La Reserva Federal de Estados Unidos ha rebajado los tipos de interés de una sola vez en medio punto, hasta el 4,75%, primera bajada de tipos después de 17 subidas consecutivas. Es, por lo tanto, la primera medida de un cambio de ciclo con la que se trata, en principio, de estimular el crecimiento económico más que de luchar contra la inflación, aunque como es lógico esto último se mira siempre en este tipo de circunstancias por el rabillo del ojo. El petróleo está en máximos, pero la economía amenaza recesión y hay un clamor contra el alto coste de las hipotecas, que amenaza con globalizar la crisis económica.
Medio punto de bajada es más de lo que esperaba una buena parte de los mercados, pero coincide con la apreciación más generalizada. La rebaja tiene un sentido de oportunidad que alimentará con toda probabilidad la leyenda, cada vez más extendida, que pone al BCE en inferioridad de condiciones en relación con su hermano del otro lado del Atlántico cuando se trata de tomar medidas que cuentan con un amplio respaldo popular. No está escrito en ninguna parte que los bancos centrales deban tomar medida populares, pero lo cierto es que el BCE se ha vuelto bastante antipático en los últimos tiempos y que la Fed americana cuenta con bastantes más simpatías mediáticas y políticas.
Claro que la Fed tiene a sus espaldas el aliento de los candidatos a las presidenciales de noviembre del año 2008, a quienes no gustaría trabajar con una economía encrespada. Y los últimos datos dicen que la economía norteamericana camina hacia algo parecido a una recesión. Señales no faltan. Este mismo martes ha aparecido un indicador aparentemente terrorífico: los embargos de viviendas en agosto aumentaron un 36% sobre el mes anterior y duplican los de hace un año. El empleo ha presentado sus últimas cifras con los peores resultados de los últimos cuatro años. La importante bolsa de créditos hipotecarios de difícil devolución tiene todas las papeletas para seguir en aumento. Una rebaja de medio punto en los tipos de interés oficiales tendrá cierta repercusión positiva en el coste financiero de esta deuda, aunque la mayor parte de los casos de insolvencia no se van a salvar por medio punto menos en los tipos de interés.
La situación que se abre ahora tiene aristas indudables. La primera de ellas será la defenestración definitiva de toda expectativa de recuperación del valor del dólar, en especial frente al euro. Un dólar en mínimos históricos frente a las divisas principales significa riesgos indudables de mayor inflación. El nuevo presidente de la Reserva Federal, Ben Bernanke, es un apóstol más inclinado hacia la estabilidad de precios que hacia la expansión monetaria, pero las circunstancias que rodean ahora mismo su gestión le llevan por al camino contrario.

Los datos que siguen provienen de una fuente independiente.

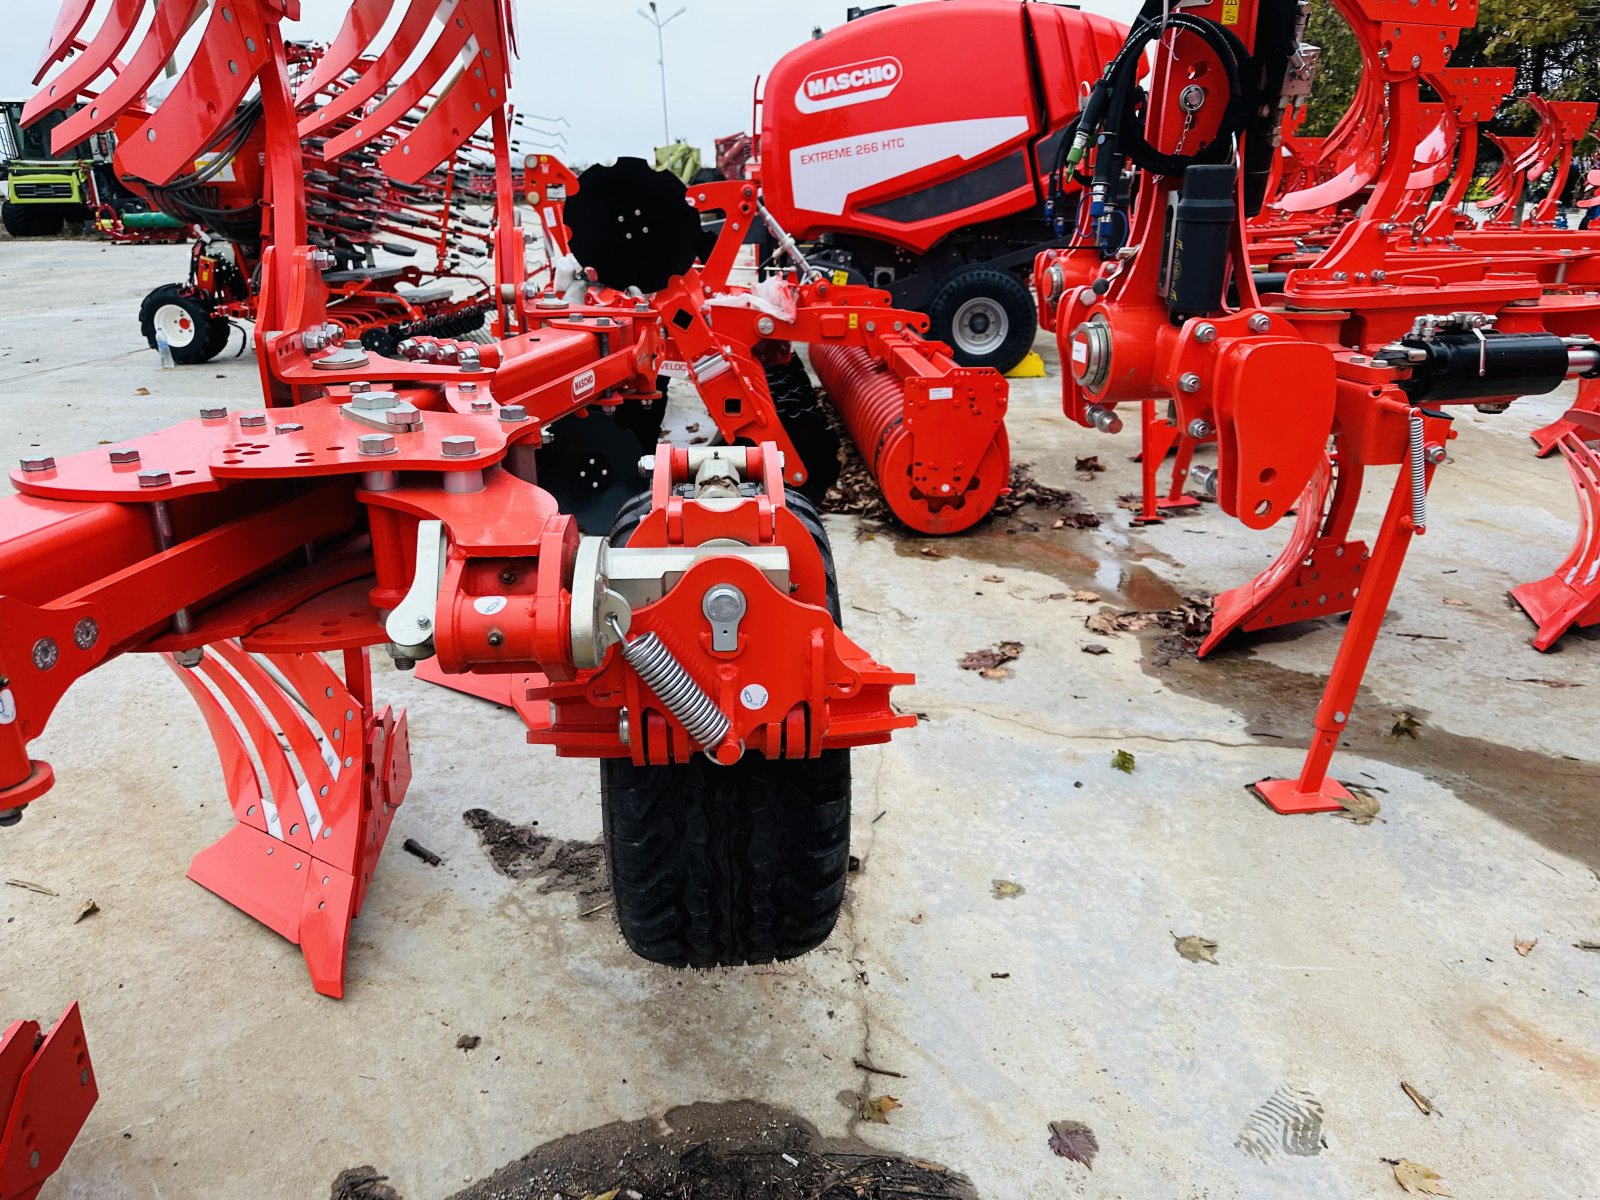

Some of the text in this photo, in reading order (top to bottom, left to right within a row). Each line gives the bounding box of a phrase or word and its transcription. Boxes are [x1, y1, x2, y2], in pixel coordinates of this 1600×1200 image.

[807, 63, 897, 97] MASCHIO
[801, 138, 905, 165] EXTREME 266 HTC
[661, 363, 686, 372] VELOC
[575, 375, 593, 391] MASCHIO
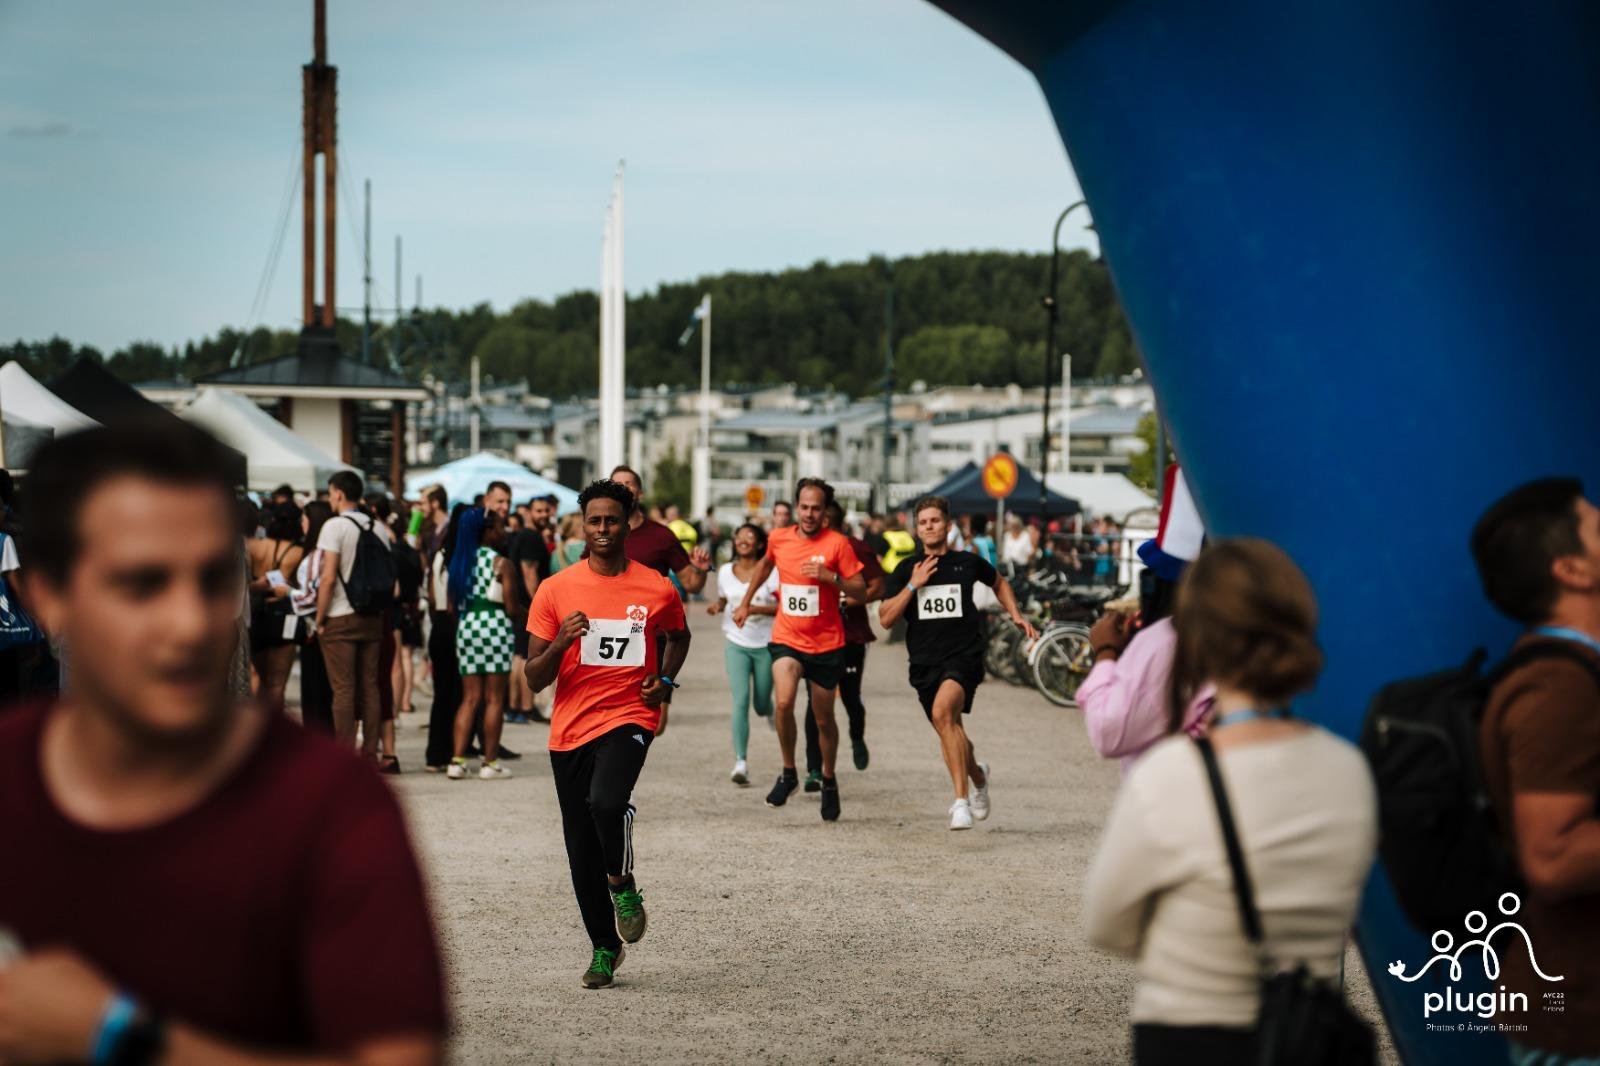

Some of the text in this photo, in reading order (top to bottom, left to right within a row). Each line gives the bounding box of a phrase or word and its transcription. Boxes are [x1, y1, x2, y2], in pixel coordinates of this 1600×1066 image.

[788, 596, 808, 612] 86
[923, 597, 957, 614] 480
[599, 636, 630, 660] 57
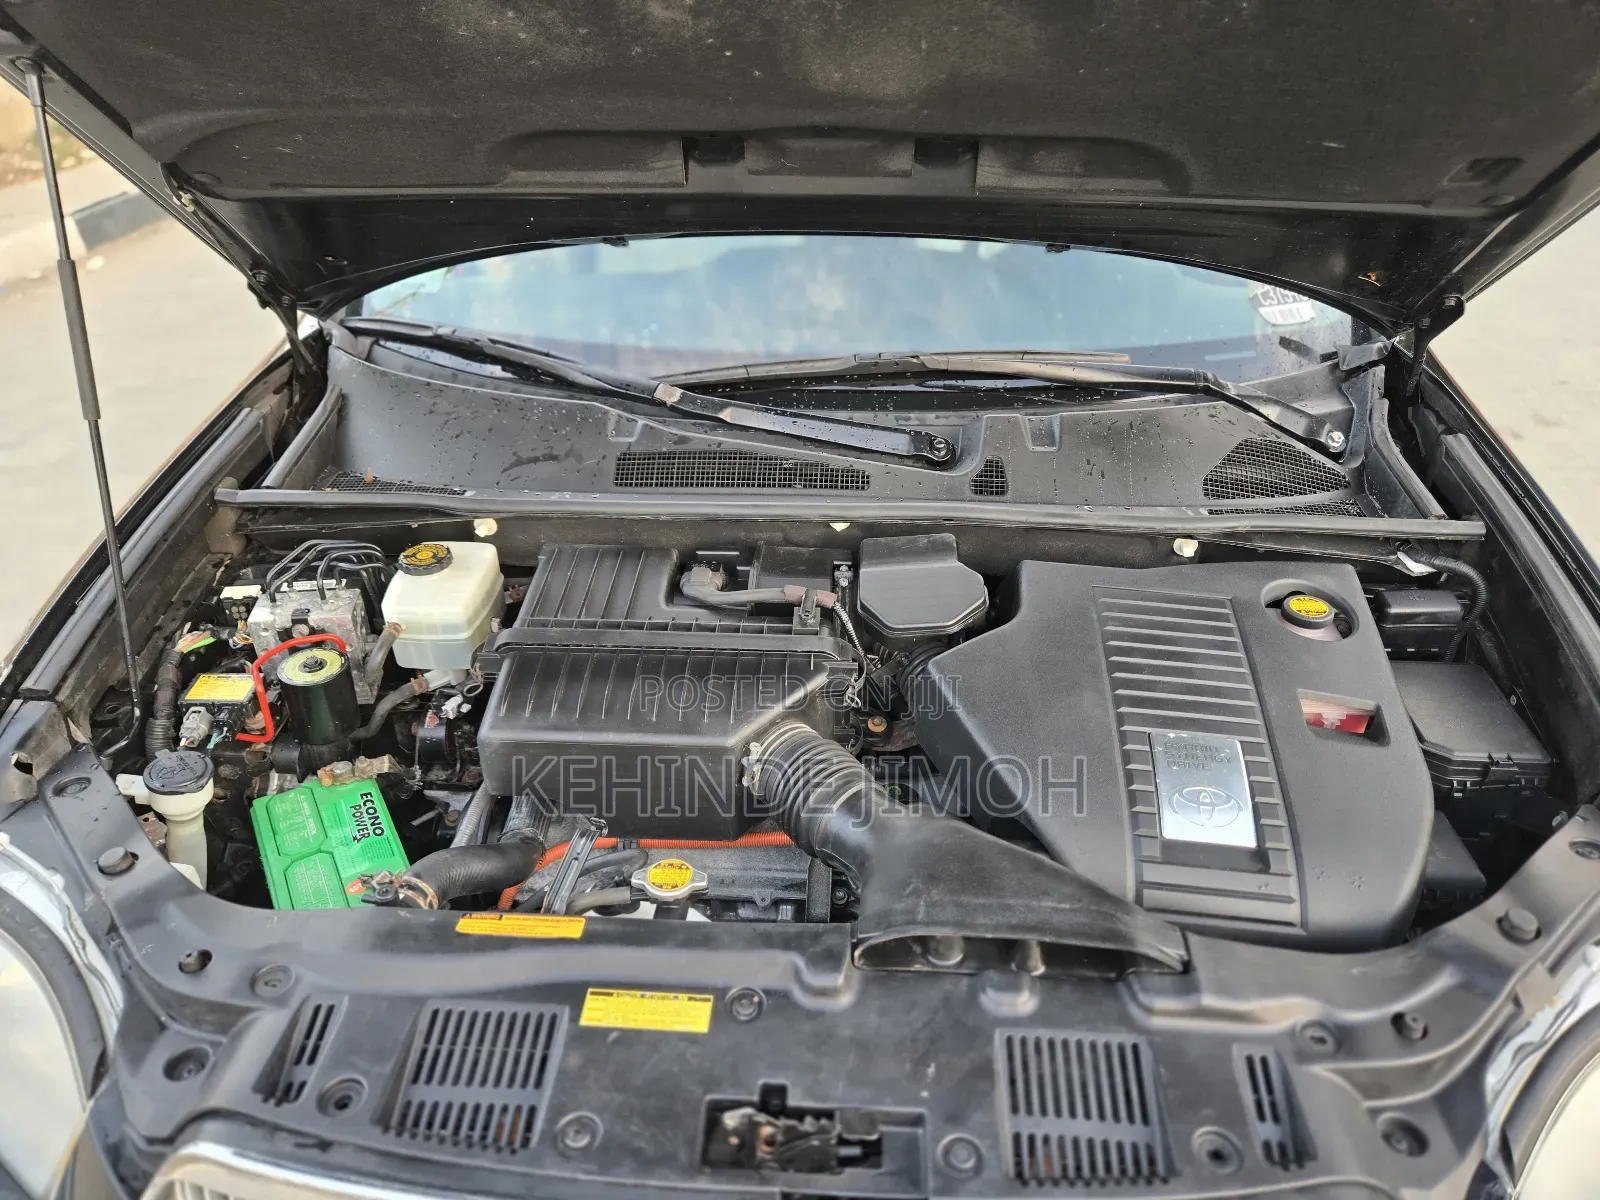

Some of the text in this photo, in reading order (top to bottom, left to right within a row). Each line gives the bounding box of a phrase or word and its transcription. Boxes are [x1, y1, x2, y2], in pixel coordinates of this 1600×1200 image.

[1164, 742, 1218, 753] HYBRID
[1165, 750, 1231, 764] SYNERGY
[1166, 759, 1211, 770] DRIVE
[360, 791, 384, 836] ECONO
[350, 804, 371, 843] POWER

Por ello, un dólar débil y con indudables riesgos inflacionistas es un riesgo real al que se ha de enfrentar la mayor economía del mundo en los próximos meses, máxime si en los mercados se trabaja con la hipótesis de un nuevo recorte de tipos de interés en la reunión de la Fed del último día de octubre.
Una segunda ronda de incertidumbres es la del desarrollo posterior de los acontecimientos, ya que si los mercados perciben que la Reserva Federal ha perdido el control de la situación, el asunto puede ser grave. Una bajada de medio punto de golpe es una decisión mayor, casi de emergencia, ya que lo normal es mover tipos de cuarto en cuarto. Medio punto de una tacada es un todo un gesto de autoridad o de desesperación. Si, encima, no resuelve casi nada, la cosa puede tener efectos devastadores para eso que se llama confianza de los agentes económicos y de los inversores. Los bancos centrales están para tranquilizar y encauzar crisis, no para externalizar el miedo y la preocupación.
De momento, las Bolsas reaccionaron bien al primer golpe, incluso las europeas, que lo han hecho a ciegas y a cuenta. En todo caso, lo que parece claro es que la alegría de vivir que respiraban los señores que están al otro lado de la ventanilla, en donde dan créditos, ya ha pasado a la historia. El crédito no está para broma y, por mucho que bajen los tipos, esta crisis se ha convertido en un ciclo acelerado de aprendizaje para el control de riesgos. Y si el crédito ya no va a fluir como antaño, con tanta alegría y sobre todo con tanta falta de control, una parte de la actividad económica global se va a resentir obligadamente.